- Task objective
What follows is a set of records; repeat them exactly, without the pictures.
Data to use START
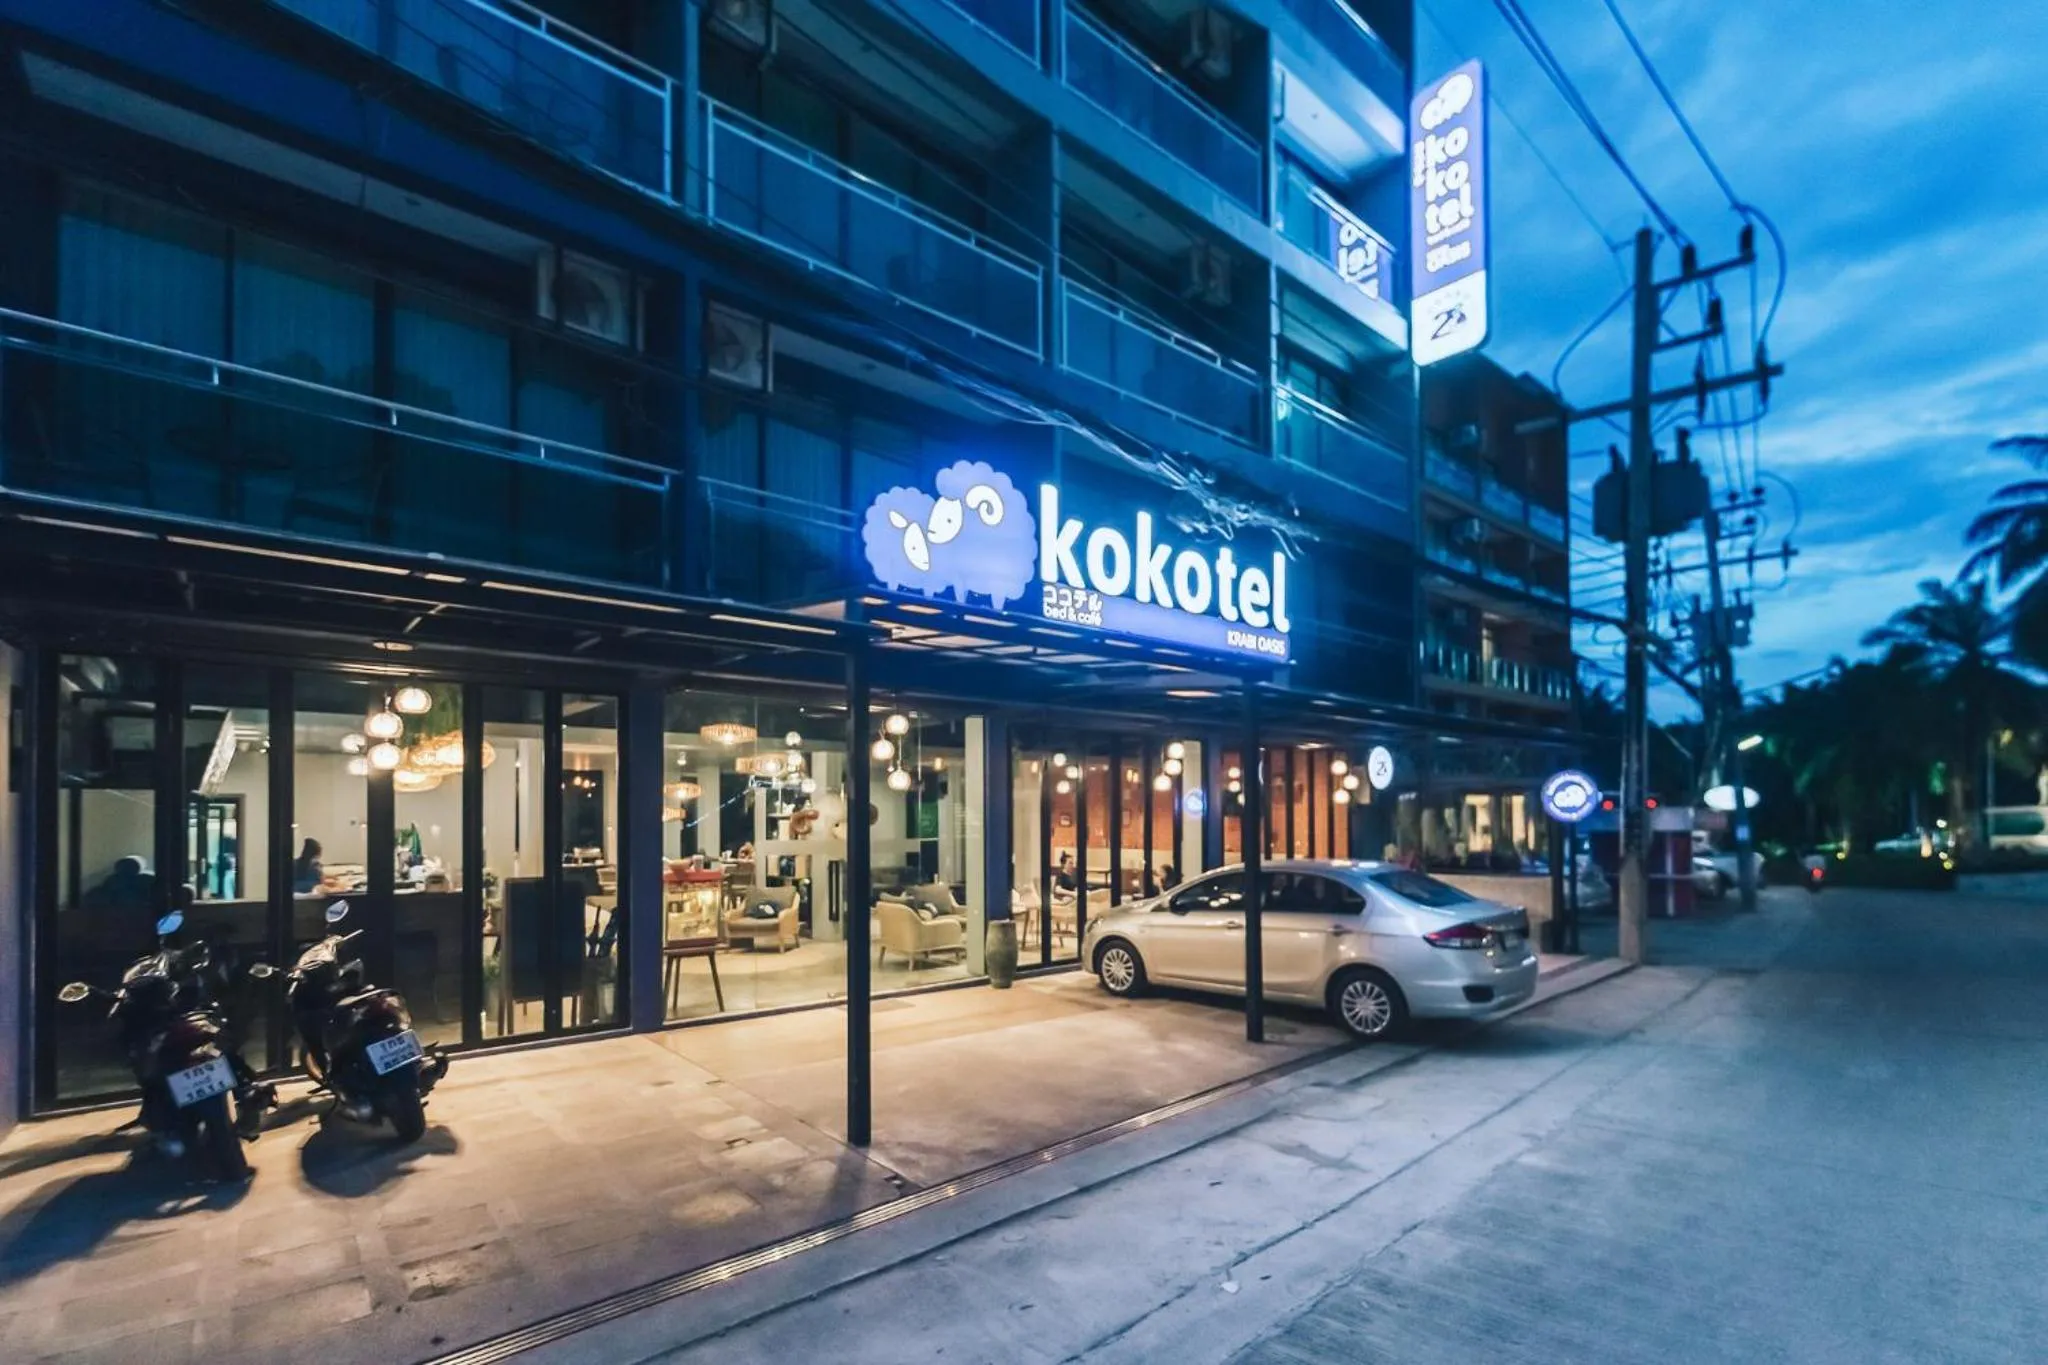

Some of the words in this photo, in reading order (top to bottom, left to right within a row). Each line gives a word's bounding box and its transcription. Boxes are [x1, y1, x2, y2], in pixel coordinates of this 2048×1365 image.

[1040, 484, 1291, 632] kokotel
[1043, 585, 1103, 611] ココテル
[1043, 603, 1067, 619] bed
[1227, 630, 1257, 649] KRABI
[1258, 636, 1286, 656] OASIS
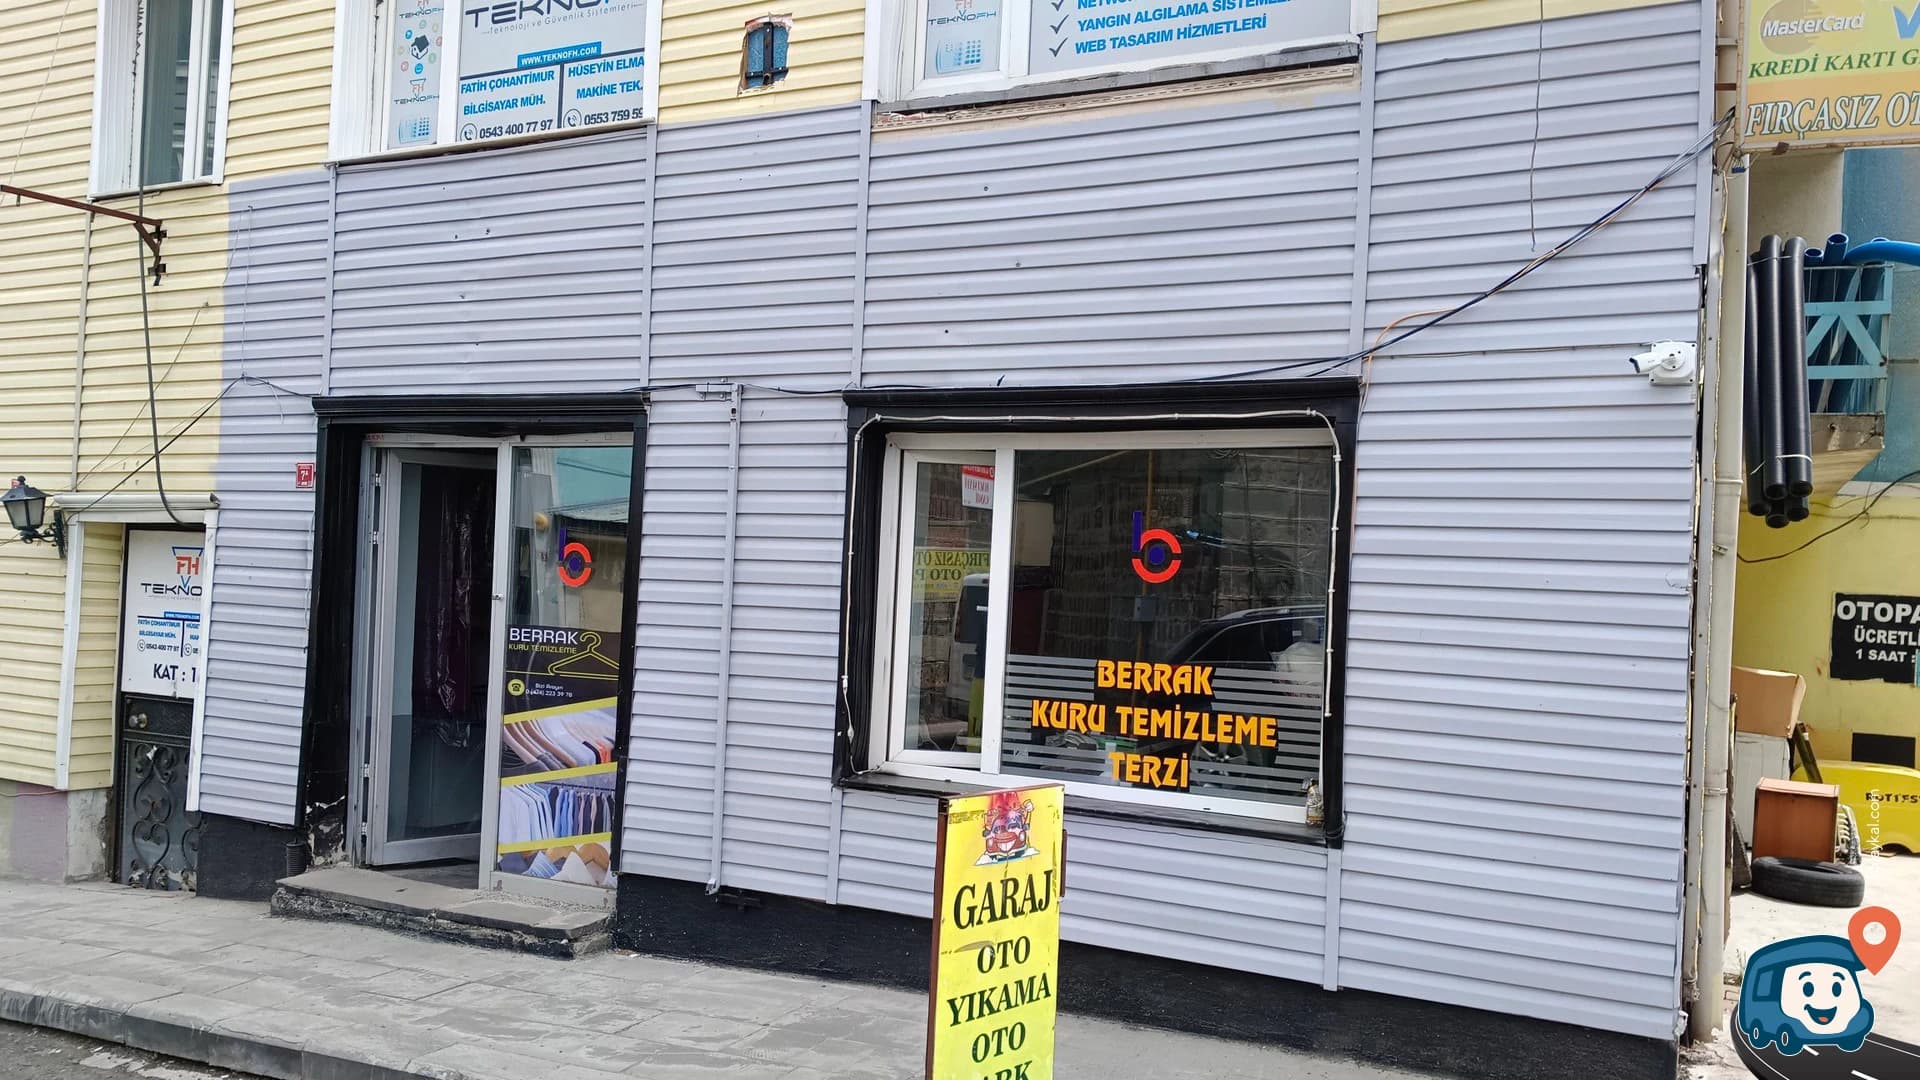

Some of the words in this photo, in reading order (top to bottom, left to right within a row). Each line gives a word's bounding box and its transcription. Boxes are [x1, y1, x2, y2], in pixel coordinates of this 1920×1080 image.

[399, 8, 444, 19] TEKNOFH
[490, 23, 530, 35] Teknoloji
[544, 12, 584, 25] Güvenlik
[587, 4, 635, 18] Sistemleri
[928, 11, 997, 25] TEKNOFH
[1078, 13, 1131, 32] YANGIN
[1134, 4, 1208, 24] ALGILAMA
[1075, 39, 1106, 54] WEB
[1109, 29, 1173, 50] TASARIM
[1176, 13, 1267, 39] HİZMETLERİ
[1762, 13, 1866, 37] MasterCard
[521, 47, 598, 66] WWW.TEKNOFH.COM
[568, 56, 613, 77] HÜSEYİN
[1748, 53, 1820, 78] KREDİ
[1824, 51, 1896, 72] KARTI
[1902, 49, 1920, 66] G
[460, 78, 487, 94] FATİH
[489, 70, 555, 94] ÇOHANTİMUR
[576, 83, 617, 99] MAKİNE
[620, 80, 643, 93] TEK.
[394, 94, 440, 104] TEKNOFH
[463, 98, 518, 116] BİLGİSAYAR
[520, 94, 546, 107] MÜH.
[584, 112, 609, 125] 0553
[611, 109, 630, 122] 759
[1744, 94, 1882, 140] FIRÇASIZ
[479, 125, 503, 139] 0543
[505, 123, 524, 136] 400
[526, 121, 538, 131] 77
[540, 119, 553, 130] 97
[141, 583, 203, 597] TEKNO
[509, 627, 579, 645] BERRAK
[1854, 625, 1920, 646] ÜCRETL
[508, 643, 529, 651] KURU
[1855, 648, 1863, 660] 1
[1868, 649, 1908, 663] SAAT
[153, 663, 179, 681] KAT
[190, 667, 197, 683] 1
[1096, 658, 1215, 696] BERRAK
[1031, 699, 1106, 734] KURU
[1115, 703, 1279, 748] TEMİZLEME
[1108, 751, 1190, 788] TERZİ
[953, 869, 1054, 930] GARAJ
[976, 935, 1031, 974] OTO
[946, 972, 1052, 1028] YIKAMA
[972, 1021, 1027, 1064] OTO
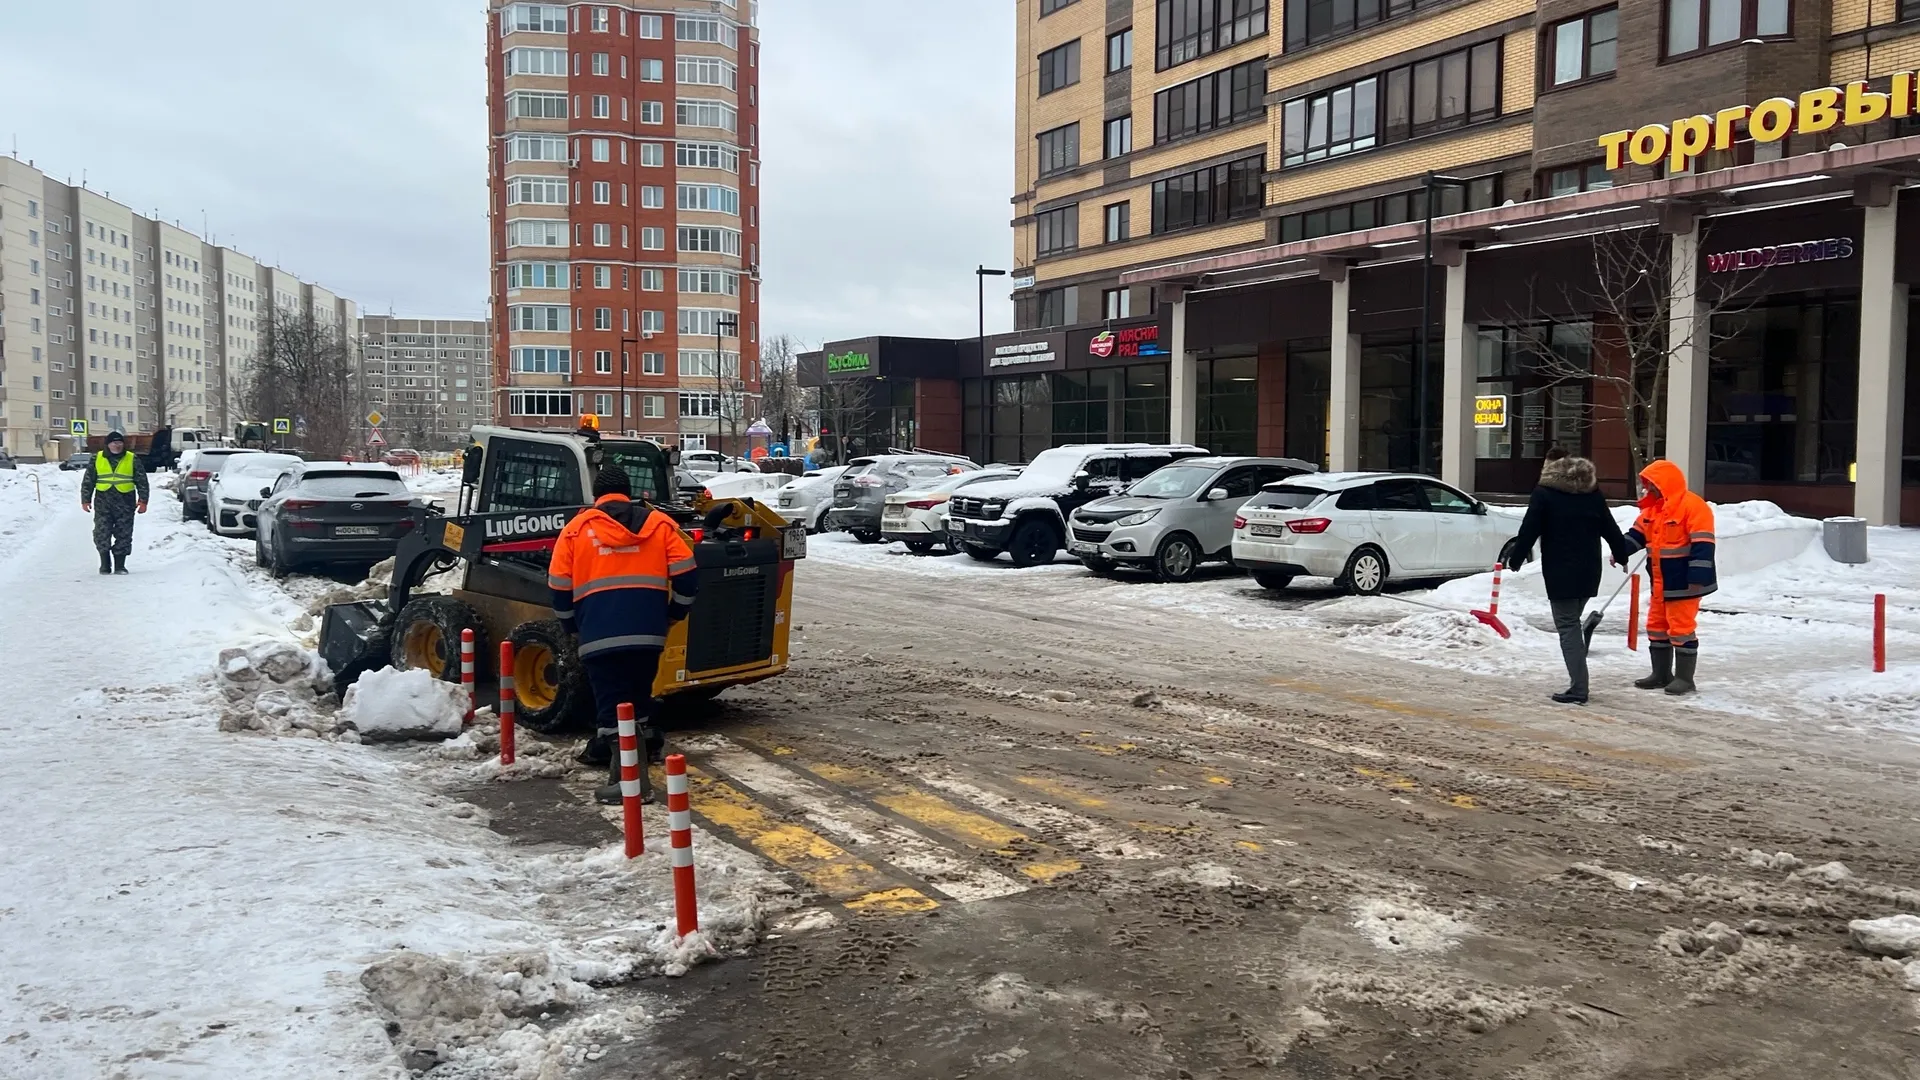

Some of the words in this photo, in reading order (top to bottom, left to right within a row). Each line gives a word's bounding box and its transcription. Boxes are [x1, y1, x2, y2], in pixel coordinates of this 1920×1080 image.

[1598, 71, 1920, 173] торговы
[1707, 237, 1853, 273] WILDBERRIES
[1118, 343, 1138, 356] РЯД
[1476, 400, 1502, 410] ОКНА
[1475, 413, 1504, 424] REHAU
Data to use END
- Completed exercise
Some of the words in this photo, in reading order (top to bottom, left to right within a row). Each line gives a word's bounding box and its transcription. Boxes are [x1, y1, x2, y2], in pixel coordinates of this 2048×1365 image.

[1040, 484, 1291, 632] kokotel
[1043, 585, 1103, 611] ココテル
[1043, 603, 1067, 619] bed
[1227, 630, 1257, 649] KRABI
[1258, 636, 1286, 656] OASIS

Some of the words in this photo, in reading order (top to bottom, left to right within a row). Each line gives a word's bounding box and its transcription. Boxes are [x1, y1, x2, y2], in pixel coordinates of this 1920×1080 image.

[399, 8, 444, 19] TEKNOFH
[490, 23, 530, 35] Teknoloji
[544, 12, 584, 25] Güvenlik
[587, 4, 635, 18] Sistemleri
[928, 11, 997, 25] TEKNOFH
[1078, 13, 1131, 32] YANGIN
[1134, 4, 1208, 24] ALGILAMA
[1075, 39, 1106, 54] WEB
[1109, 29, 1173, 50] TASARIM
[1176, 13, 1267, 39] HİZMETLERİ
[1762, 13, 1866, 37] MasterCard
[521, 47, 598, 66] WWW.TEKNOFH.COM
[568, 56, 613, 77] HÜSEYİN
[1748, 53, 1820, 78] KREDİ
[1824, 51, 1896, 72] KARTI
[1902, 49, 1920, 66] G
[460, 78, 487, 94] FATİH
[489, 70, 555, 94] ÇOHANTİMUR
[576, 83, 617, 99] MAKİNE
[620, 80, 643, 93] TEK.
[394, 94, 440, 104] TEKNOFH
[463, 98, 518, 116] BİLGİSAYAR
[520, 94, 546, 107] MÜH.
[584, 112, 609, 125] 0553
[611, 109, 630, 122] 759
[1744, 94, 1882, 140] FIRÇASIZ
[479, 125, 503, 139] 0543
[505, 123, 524, 136] 400
[526, 121, 538, 131] 77
[540, 119, 553, 130] 97
[141, 583, 203, 597] TEKNO
[509, 627, 579, 645] BERRAK
[1854, 625, 1920, 646] ÜCRETL
[508, 643, 529, 651] KURU
[1855, 648, 1863, 660] 1
[1868, 649, 1908, 663] SAAT
[153, 663, 179, 681] KAT
[190, 667, 197, 683] 1
[1096, 658, 1215, 696] BERRAK
[1031, 699, 1106, 734] KURU
[1115, 703, 1279, 748] TEMİZLEME
[1108, 751, 1190, 788] TERZİ
[953, 869, 1054, 930] GARAJ
[976, 935, 1031, 974] OTO
[946, 972, 1052, 1028] YIKAMA
[972, 1021, 1027, 1064] OTO

Some of the words in this photo, in reading order (top to bottom, left to right within a row). Each line gives a word's bounding box and its transcription. Boxes are [x1, y1, x2, y2], in pixel coordinates of this 1920×1080 image.

[1598, 71, 1920, 173] торговы
[1707, 237, 1853, 273] WILDBERRIES
[1118, 343, 1138, 356] РЯД
[1476, 400, 1502, 410] ОКНА
[1475, 413, 1504, 424] REHAU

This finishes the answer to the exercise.